SUPPLIED DATA:
++++++

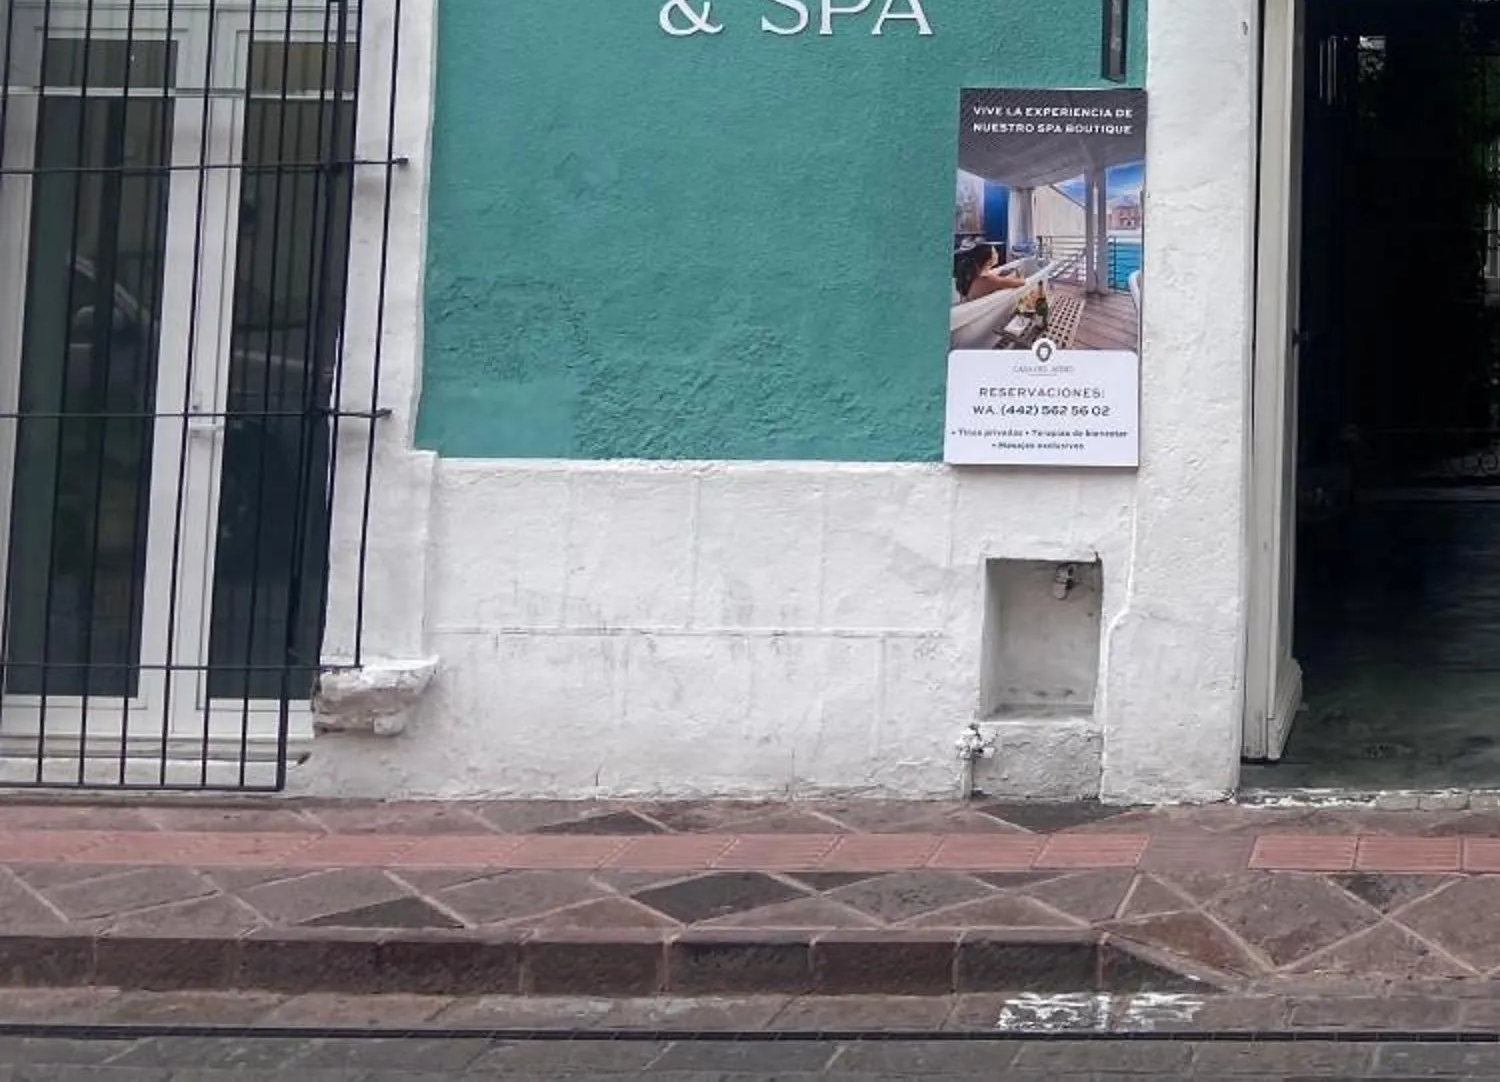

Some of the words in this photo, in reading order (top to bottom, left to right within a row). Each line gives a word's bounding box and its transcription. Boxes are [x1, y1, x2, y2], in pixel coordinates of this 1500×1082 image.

[973, 105, 1001, 116] VIVE
[1005, 106, 1022, 117] LA
[1025, 106, 1113, 118] EXPERIENCIA
[1115, 108, 1133, 119] DE
[973, 122, 1035, 133] NUESTRO
[1036, 123, 1063, 133] SPA
[1065, 123, 1133, 135] BOUTIQUE
[979, 386, 1105, 399] RESERVACIONES:
[1001, 404, 1039, 417] (442)
[1040, 405, 1069, 416] 562
[1071, 405, 1089, 417] 56
[1091, 405, 1111, 417] 02
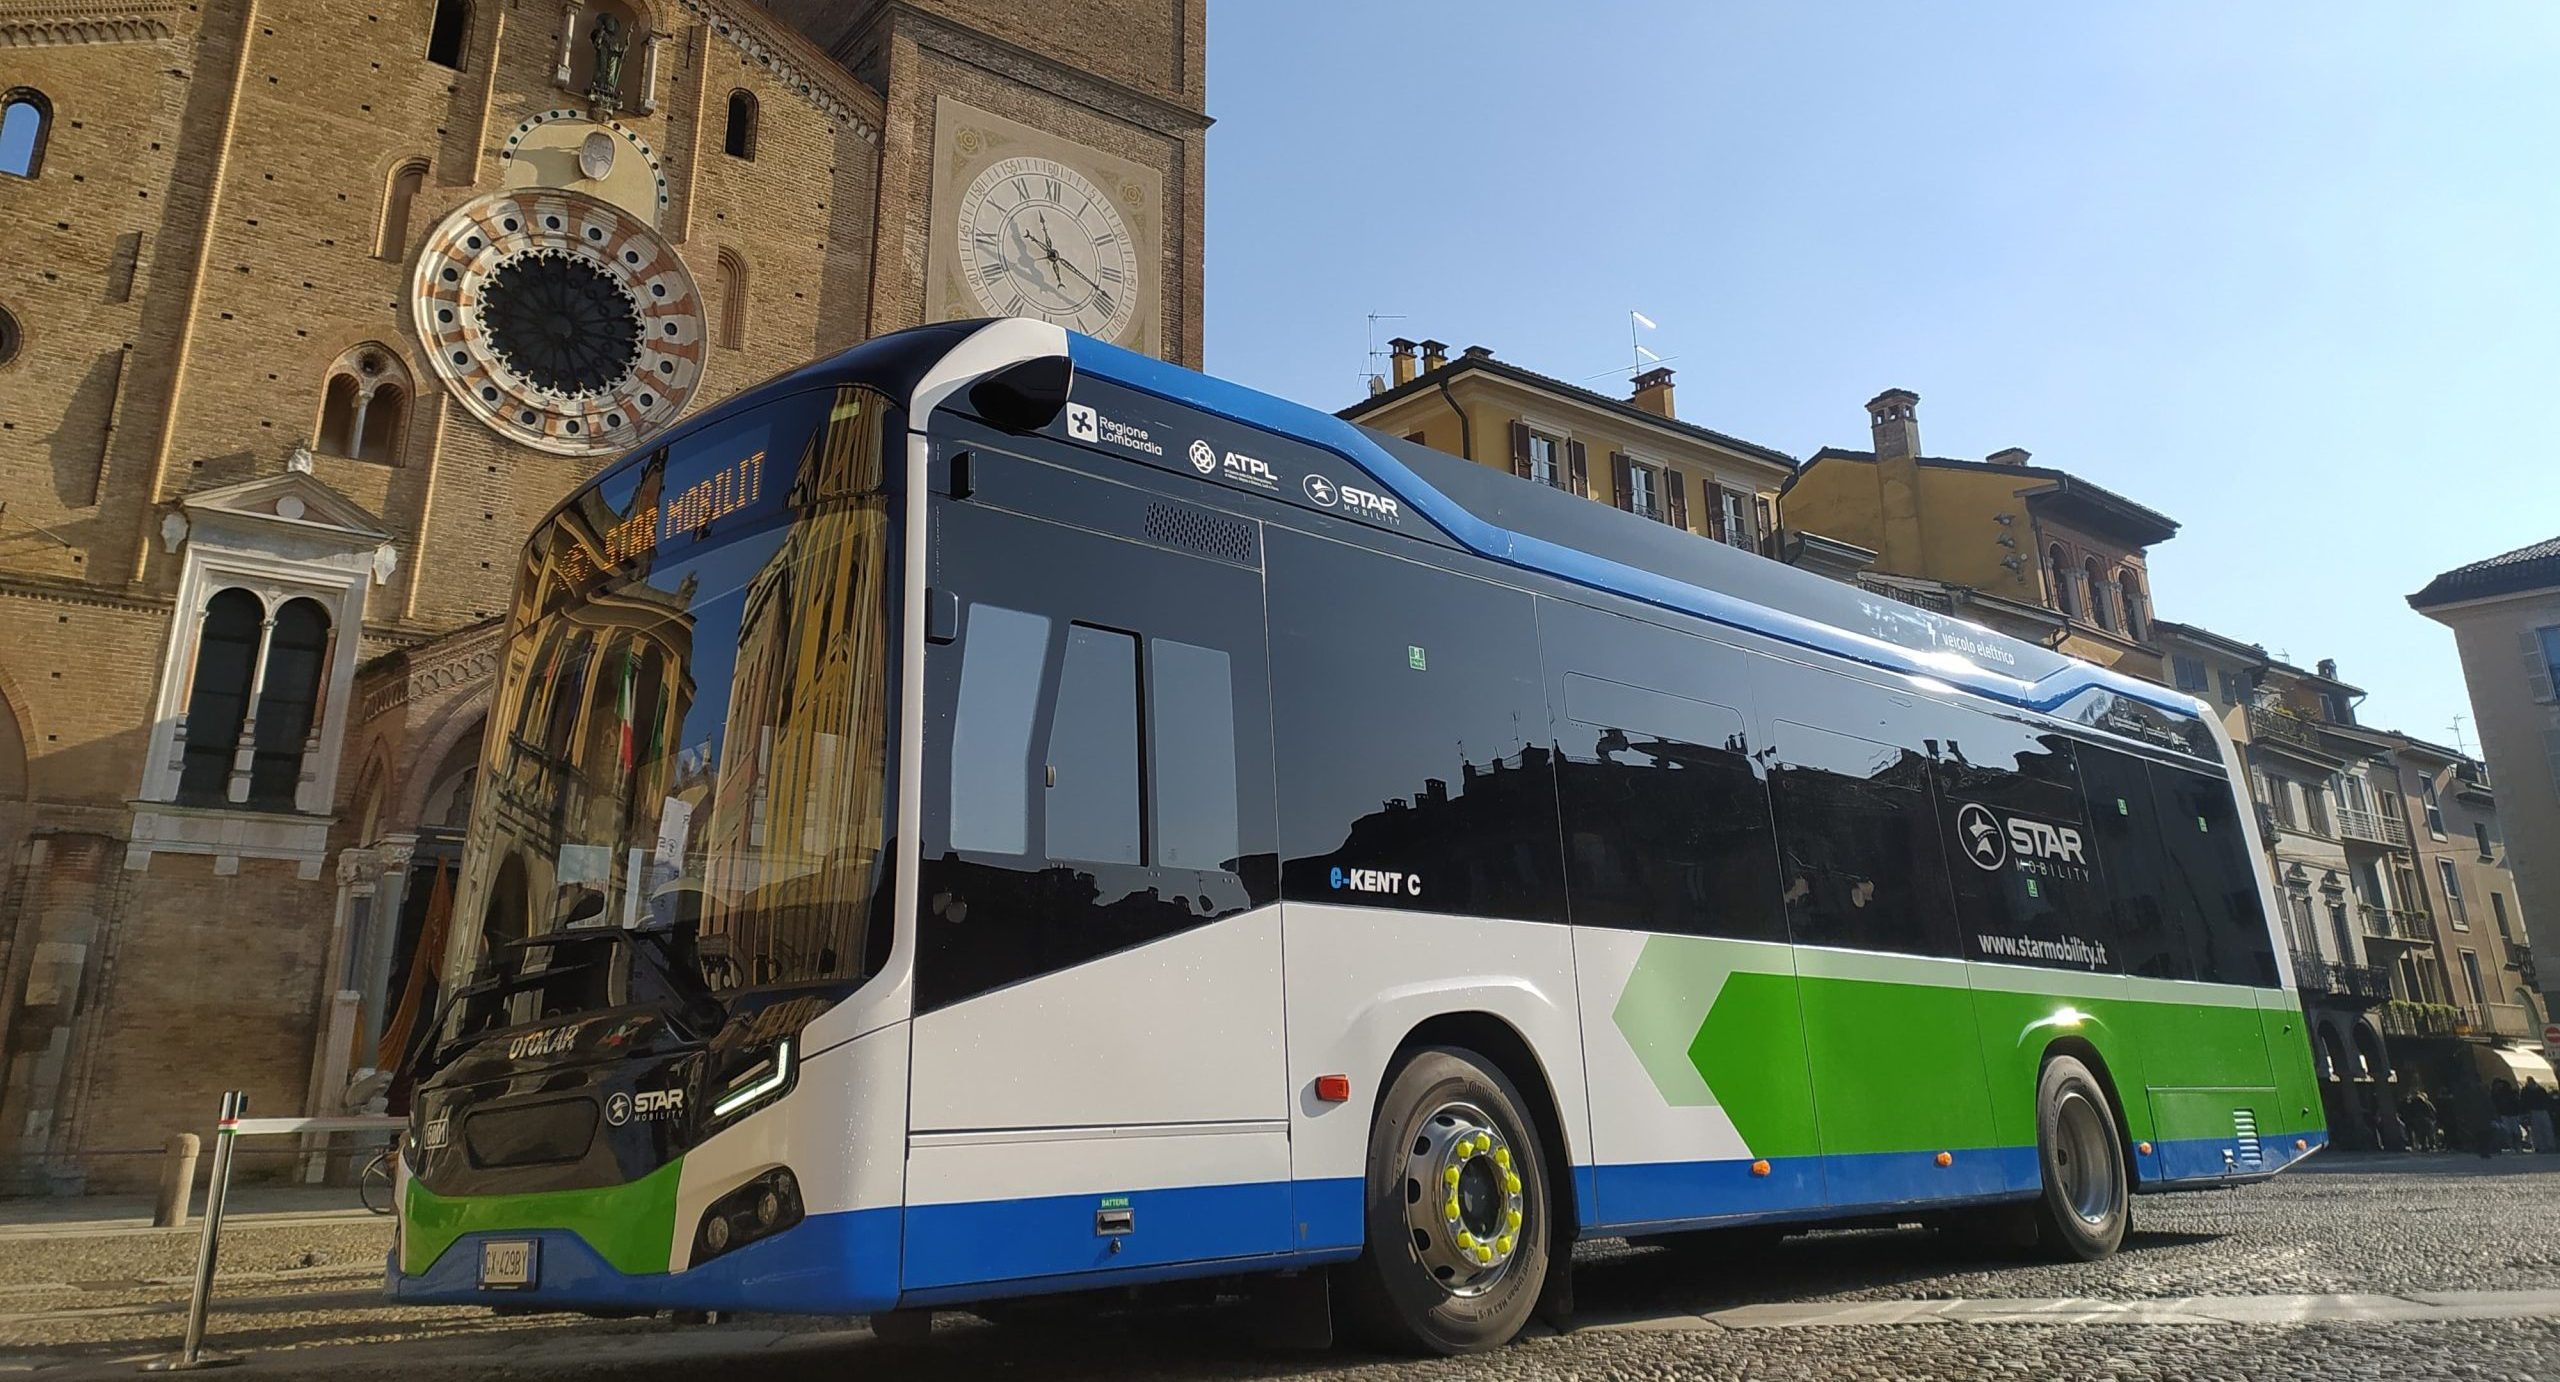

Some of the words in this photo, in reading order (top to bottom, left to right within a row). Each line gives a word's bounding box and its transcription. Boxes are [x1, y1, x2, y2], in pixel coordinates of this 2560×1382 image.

[1011, 177, 1031, 203] XI
[1044, 178, 1062, 205] XII
[986, 194, 1008, 218] X
[975, 227, 998, 247] IX
[1094, 233, 1115, 247] II
[980, 263, 1005, 287] VIII
[1101, 266, 1122, 284] III
[1099, 416, 1149, 440] Regione
[1100, 428, 1163, 456] Lombardia
[1223, 451, 1279, 481] ATPL
[603, 506, 658, 570] STAR
[665, 451, 765, 539] MOBILIT
[1340, 485, 1399, 518] STAR
[1343, 503, 1401, 526] MOBILITY
[1942, 632, 1976, 654] veicolo
[1977, 642, 2015, 666] elettrico
[2007, 817, 2087, 865] STAR
[1330, 866, 1402, 894] e-KENT
[1407, 874, 1421, 896] C
[2015, 858, 2090, 883] MOBILITY
[1978, 934, 2108, 971] www.starmobility.it
[508, 1024, 579, 1060] OTOKAR
[634, 1088, 684, 1113] STAR
[634, 1110, 684, 1122] MOBILITY

++++++

TASK: Restate the whole listing word for word. Omit the pictures.

EXERCISE RESULT:
Some of the words in this photo, in reading order (top to bottom, left to right within a row). Each line gives a word's bounding box and its transcription. Boxes are [x1, y1, x2, y2], in pixel coordinates of this 1500×1082 image.

[973, 105, 1001, 116] VIVE
[1005, 106, 1022, 117] LA
[1025, 106, 1113, 118] EXPERIENCIA
[1115, 108, 1133, 119] DE
[973, 122, 1035, 133] NUESTRO
[1036, 123, 1063, 133] SPA
[1065, 123, 1133, 135] BOUTIQUE
[979, 386, 1105, 399] RESERVACIONES:
[1001, 404, 1039, 417] (442)
[1040, 405, 1069, 416] 562
[1071, 405, 1089, 417] 56
[1091, 405, 1111, 417] 02

Some of the words in this photo, in reading order (top to bottom, left to right within a row). Each line gives a word's bounding box and its transcription. Boxes are [x1, y1, x2, y2], in pixel coordinates of this 2560×1382 image.

[1011, 177, 1031, 203] XI
[1044, 178, 1062, 205] XII
[986, 194, 1008, 218] X
[975, 227, 998, 247] IX
[1094, 233, 1115, 247] II
[980, 263, 1005, 287] VIII
[1101, 266, 1122, 284] III
[1099, 416, 1149, 440] Regione
[1100, 428, 1163, 456] Lombardia
[1223, 451, 1279, 481] ATPL
[603, 506, 658, 570] STAR
[665, 451, 765, 539] MOBILIT
[1340, 485, 1399, 518] STAR
[1343, 503, 1401, 526] MOBILITY
[1942, 632, 1976, 654] veicolo
[1977, 642, 2015, 666] elettrico
[2007, 817, 2087, 865] STAR
[1330, 866, 1402, 894] e-KENT
[1407, 874, 1421, 896] C
[2015, 858, 2090, 883] MOBILITY
[1978, 934, 2108, 971] www.starmobility.it
[508, 1024, 579, 1060] OTOKAR
[634, 1088, 684, 1113] STAR
[634, 1110, 684, 1122] MOBILITY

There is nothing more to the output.